Data extract |
Start of Block
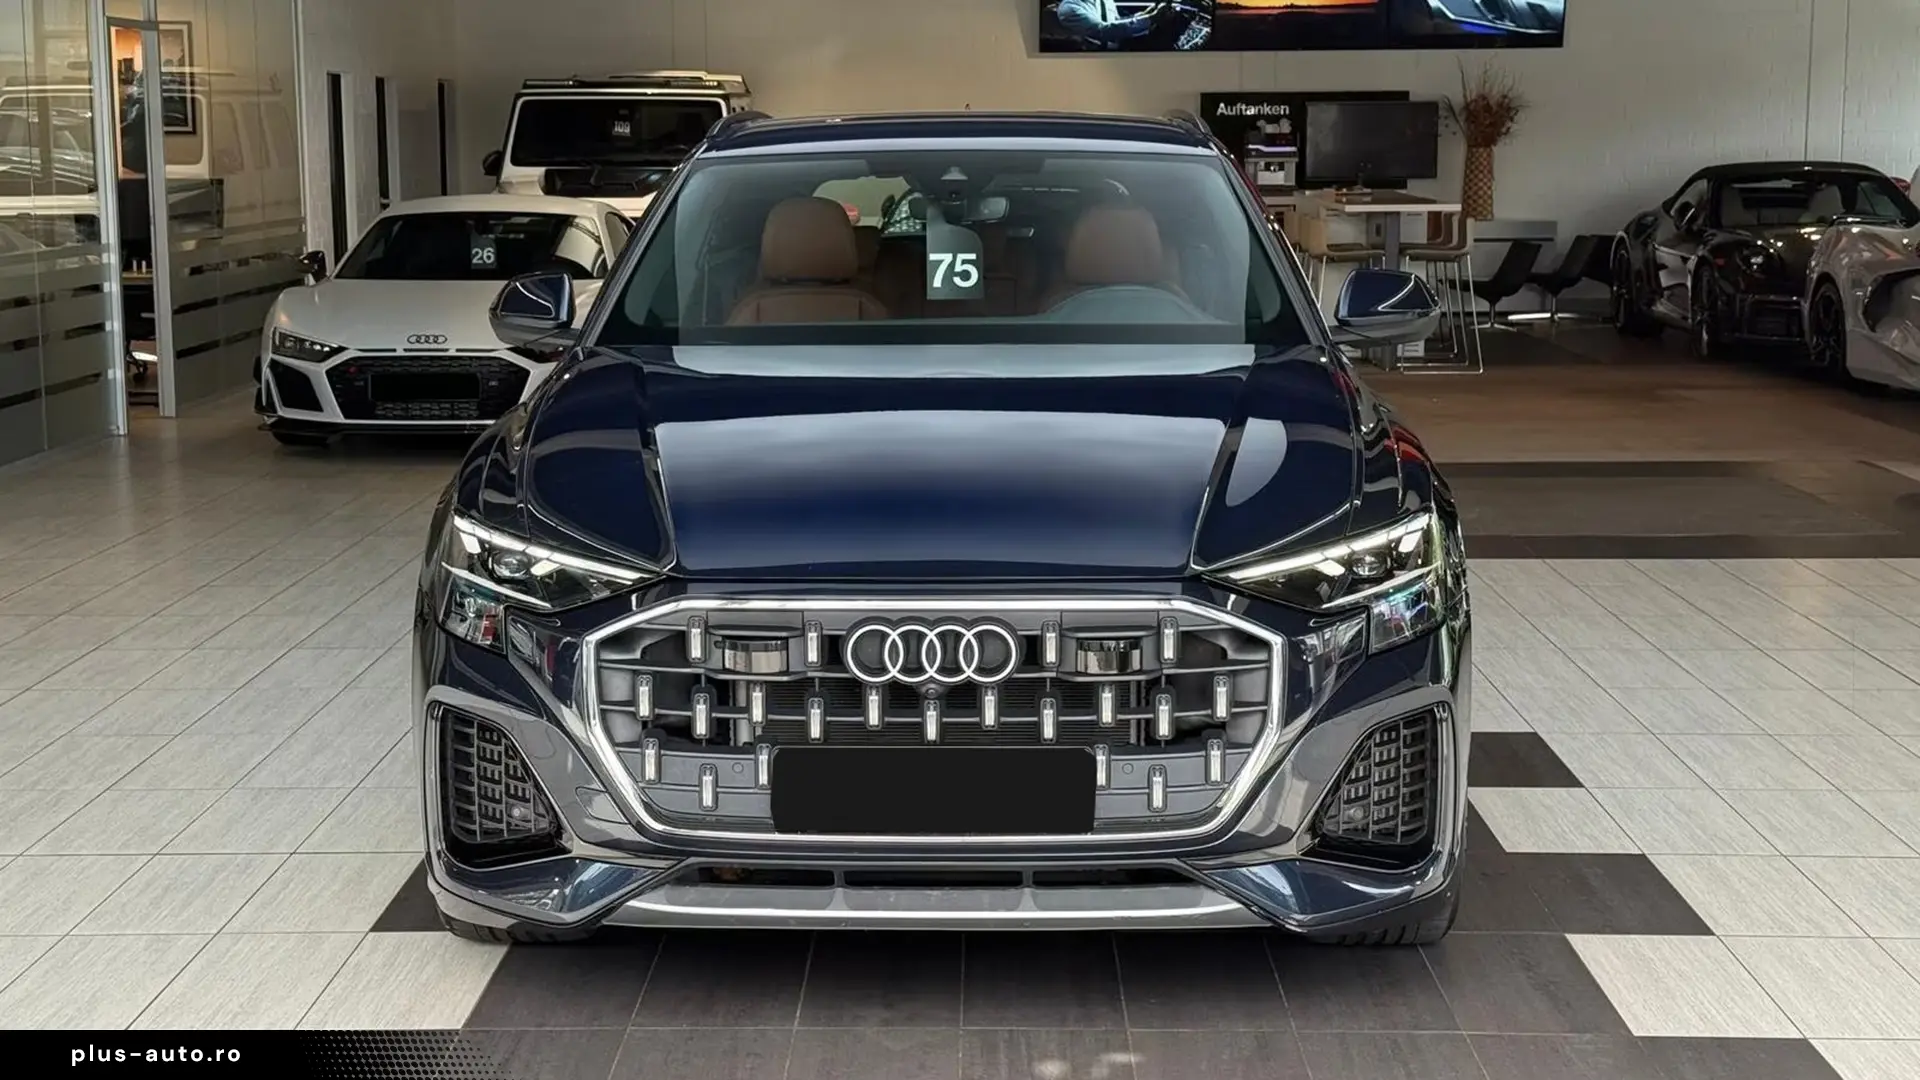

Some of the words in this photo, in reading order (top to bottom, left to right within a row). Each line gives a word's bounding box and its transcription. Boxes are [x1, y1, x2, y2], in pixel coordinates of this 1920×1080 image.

[1216, 101, 1290, 116] Auftanken
[471, 247, 495, 264] 26
[928, 252, 979, 288] 75
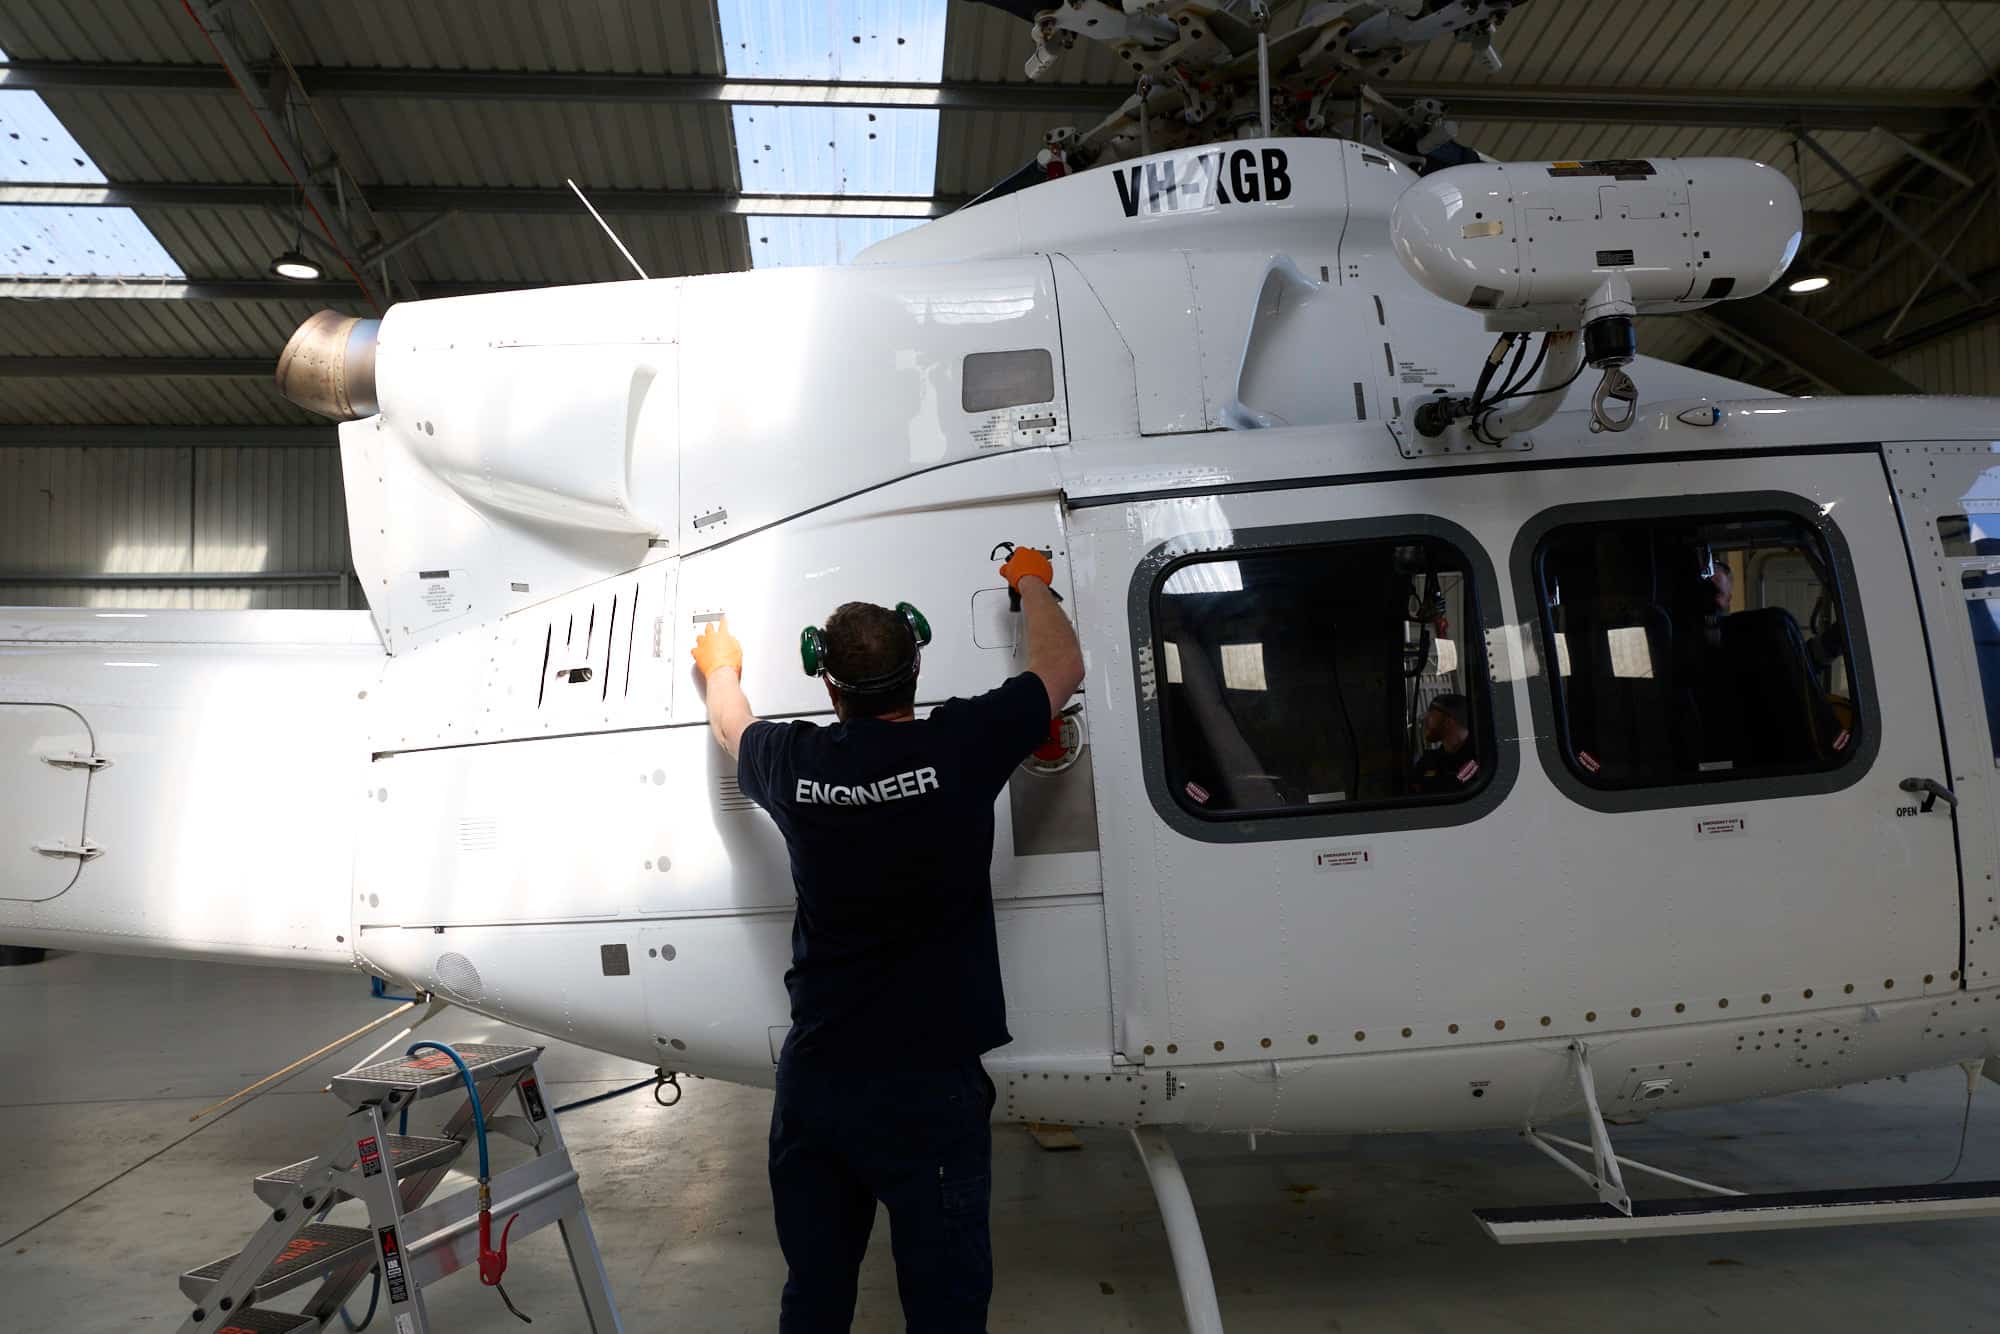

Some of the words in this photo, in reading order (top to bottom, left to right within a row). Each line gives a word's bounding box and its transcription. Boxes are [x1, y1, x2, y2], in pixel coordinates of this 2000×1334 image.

[1112, 148, 1292, 218] VH-XGB
[795, 766, 940, 806] ENGINEER
[1896, 806, 1918, 817] OPEN
End of Block
Assignment |
Write out every entry exactly. Pictures do not belong in the copy.

Response to the task |
Some of the words in this photo, in reading order (top to bottom, left to right within a row). Each line gives a word's bounding box and its transcription. Boxes are [x1, y1, x2, y2], in pixel coordinates of this 1920×1080 image.

[1216, 101, 1290, 116] Auftanken
[471, 247, 495, 264] 26
[928, 252, 979, 288] 75

Some of the words in this photo, in reading order (top to bottom, left to right within a row). Each line gives a word's bounding box and its transcription. Boxes are [x1, y1, x2, y2], in pixel coordinates of this 2000×1334 image.

[1112, 148, 1292, 218] VH-XGB
[795, 766, 940, 806] ENGINEER
[1896, 806, 1918, 817] OPEN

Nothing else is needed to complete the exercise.